Kondisi yang konkret membuktikan bahwa proses penyelesaian yang diatur oleh undang-undang waktunya lebih banyak mundur atau lebih dari enam bulan, karena pengusaha yang kurang aktif dalam melakukan proses hukum yang ditentukan oleh undang-undang, atau karena pekerja yang tidak kooperatif. Artinya dalam kurun waktu tersebut pengusaha harus tetap membayarkan upah pekerja. Padahal kerap kali diketahui karyawan yang masih dalam proses skorsing telah diterima bekerja di tempat lain.

Putusan Mahkamah Konstitusi

Praktik hukum yang telah berjalan selama ini sesungguhnya masih dapat dimengerti dan diterima oleh pengusaha dan kalangan praktisi. Namun kondisi tersebut akan berubah dengan adanya Putusan Mahkamah Konstitusi No 37/PUU-IX/2011, tentang permohonan Pengujian UU No 13 Tahun 2003 tentang Ketenagakerjaan terhadap UUD 1945, tanggal 19 September 2011, yang amar putusannya menyatakan:

Frasa “belum ditetapkan” dalam Pasal 155 ayat (2) UU No 13 Tahun 2003 tentang Ketenagakerjaan bertentangan dengan UUD 1945 dan tidak mempunyai kekuatan hukum mengikat sepanjang tidak dimaknai ‘belum berkekuatan hukum tetap’.

Dengan putusan tersebut jangka waktu pembayaran upah skorsing atau upah proses terhadap pekerja yang sedang dalam proses pemutusan hubungan kerja (PHK) akan mengalami perubahan. Oleh karena penafsiran Pasal 155 ayat 2 UU No 13 Tahun 2003 tentang Ketenagakerjaan, mengenai anak kalimat “belum ditetapkan” harus dimaknai “belum berkekuatan hukum tetap”.

Pertanyaannya adalah ADILKAH? Jawabanya tentu “tidak bagi Pengusaha” karena perselisihan pemutusan hubungan kerja (PHK) akan menjadi beban bagi pengusaha baik dari segi biaya mapun waktu. Dari segi biaya jelas pengusaha sangat dirugikan karena harus membayar upah skorsing atau upah proses untuk jangka waktu yang panjang yakni sampai putusan berekekuatan hukum tetap. Sedangkan dari segi waktu pengusaha dirugikan karena proses hukum yang menggantung untuk waktu yang cukup lama.

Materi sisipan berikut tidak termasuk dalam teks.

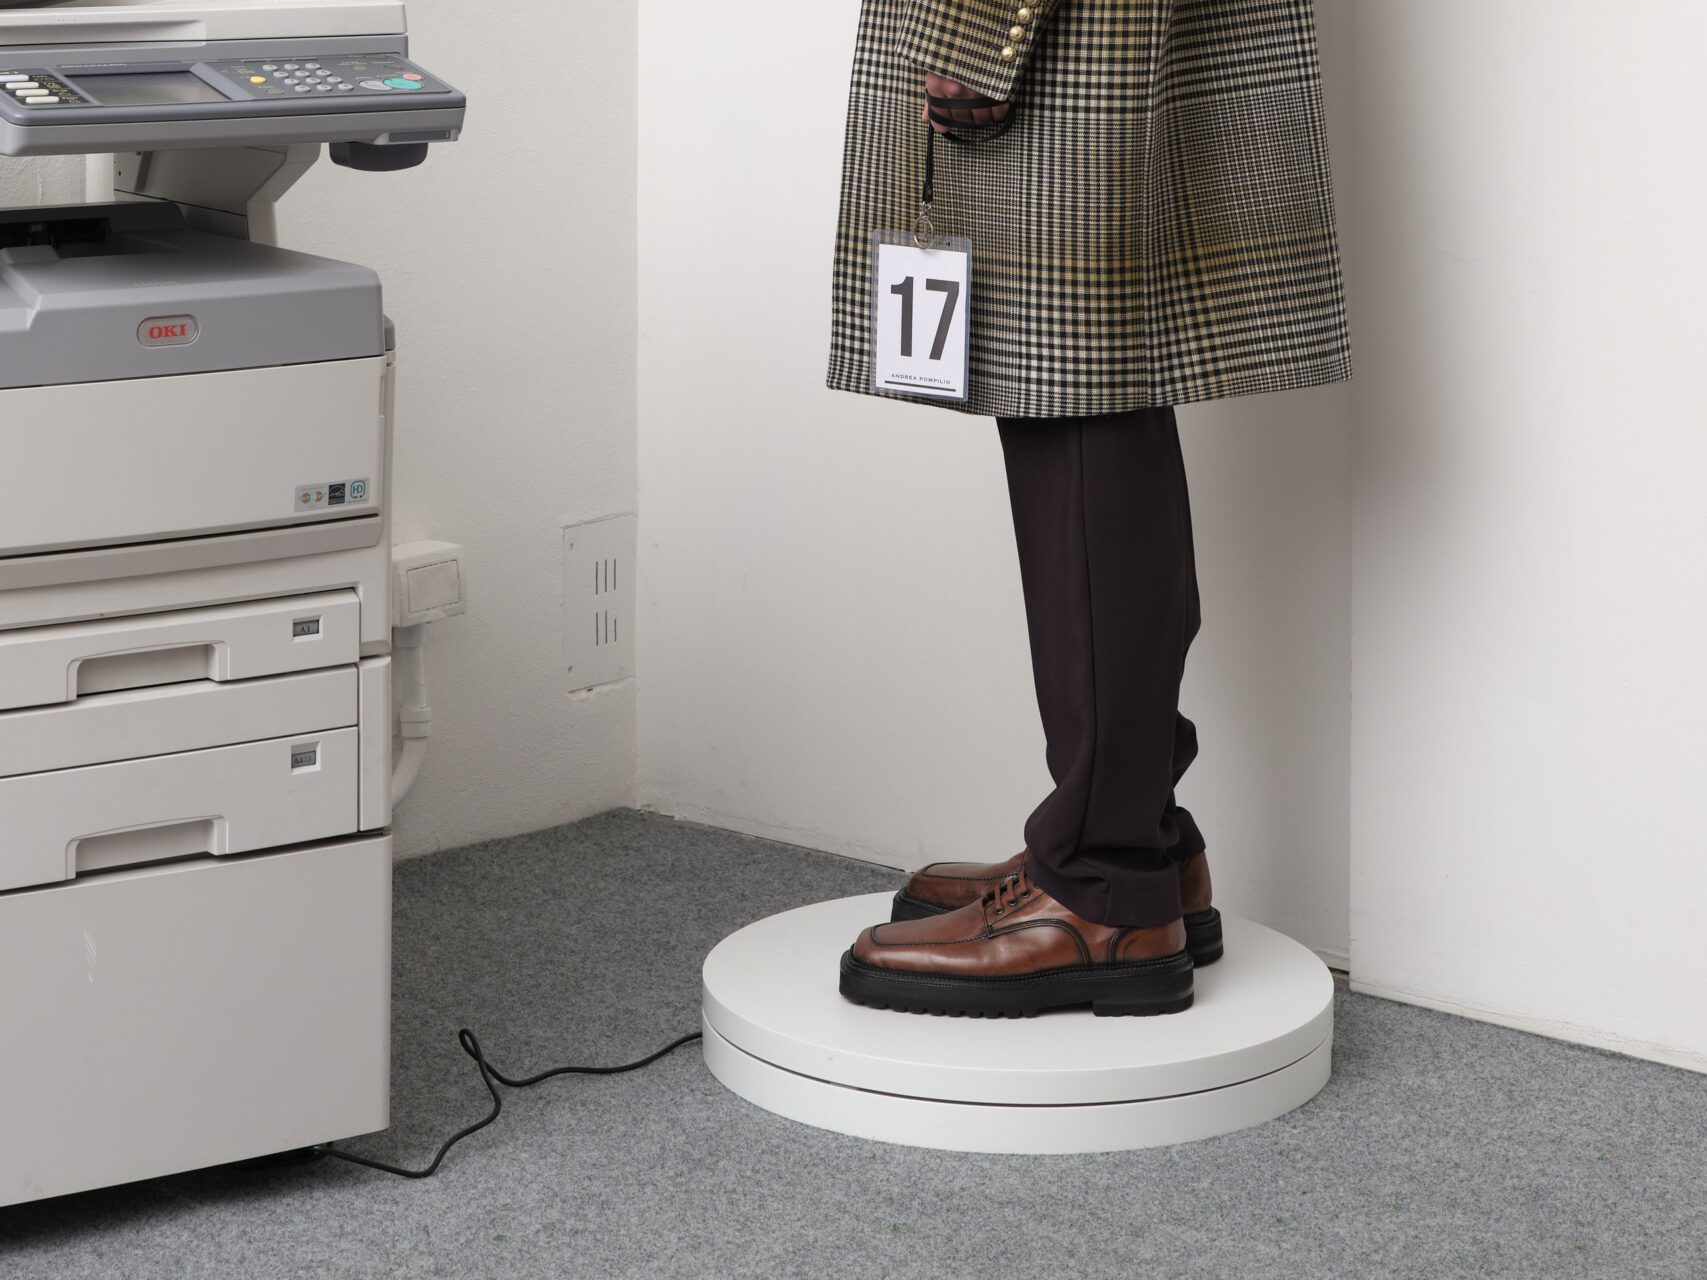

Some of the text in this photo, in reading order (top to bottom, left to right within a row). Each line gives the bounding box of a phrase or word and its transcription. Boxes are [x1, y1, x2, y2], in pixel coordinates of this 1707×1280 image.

[890, 276, 960, 360] 17
[148, 322, 187, 339] OKI
[919, 376, 951, 384] POMPILIO

Pada umumnya pekerja yang melakukan perselisihan PHK banyak yang merasa tidak puas dengan putusan Pengadilan Hubungan Industrial sehingga mengajukan upaya hukum kasasi. Sementara perkara pemutusan hubungan kerja (PHK) di tingkat kasasi akan memakan waktu rata-rata sekitar 1,5 s/d 2 tahun, terhitung sejak proses permohonan kasasi sampai dengan diterimanya pemberitahuan putusan dari Pengadilan Hubungan Industrial. Padahal menurut ketentuan Pasal 115 UU PPHI, Mahkamah Agung sudah harus menyelesaikan atau memutus perkara perselisihan pemutusan hubungan kerja dalam waktu 30 hari kerja.

Dengan adanya putusan Mahkamah Konstitusi maka Mahkamah Agung harus dapat segera memperbaiki sistem administrasinya sehingga perkara perselisihan pemutusan hubungan kerja pada tingkat kasasi dapat segera diputus.

Pemasalahan Pengusaha.

Dengan kondisi administrasi mahkamah Agung saat ini maka putusan Mahkamah Konstitusi menjadi tidak adil bagi pengusaha karena akan menimbulkan beberapa permasalahan atau pertanyaan, sebagai berikut:

1. Bagaimana dengan karyawan yang telah bekerja ditempat lain sebelum putusan berkekuatan hukum tetap, apakah masih berhak menerima upah proses atau upah selama skorsing?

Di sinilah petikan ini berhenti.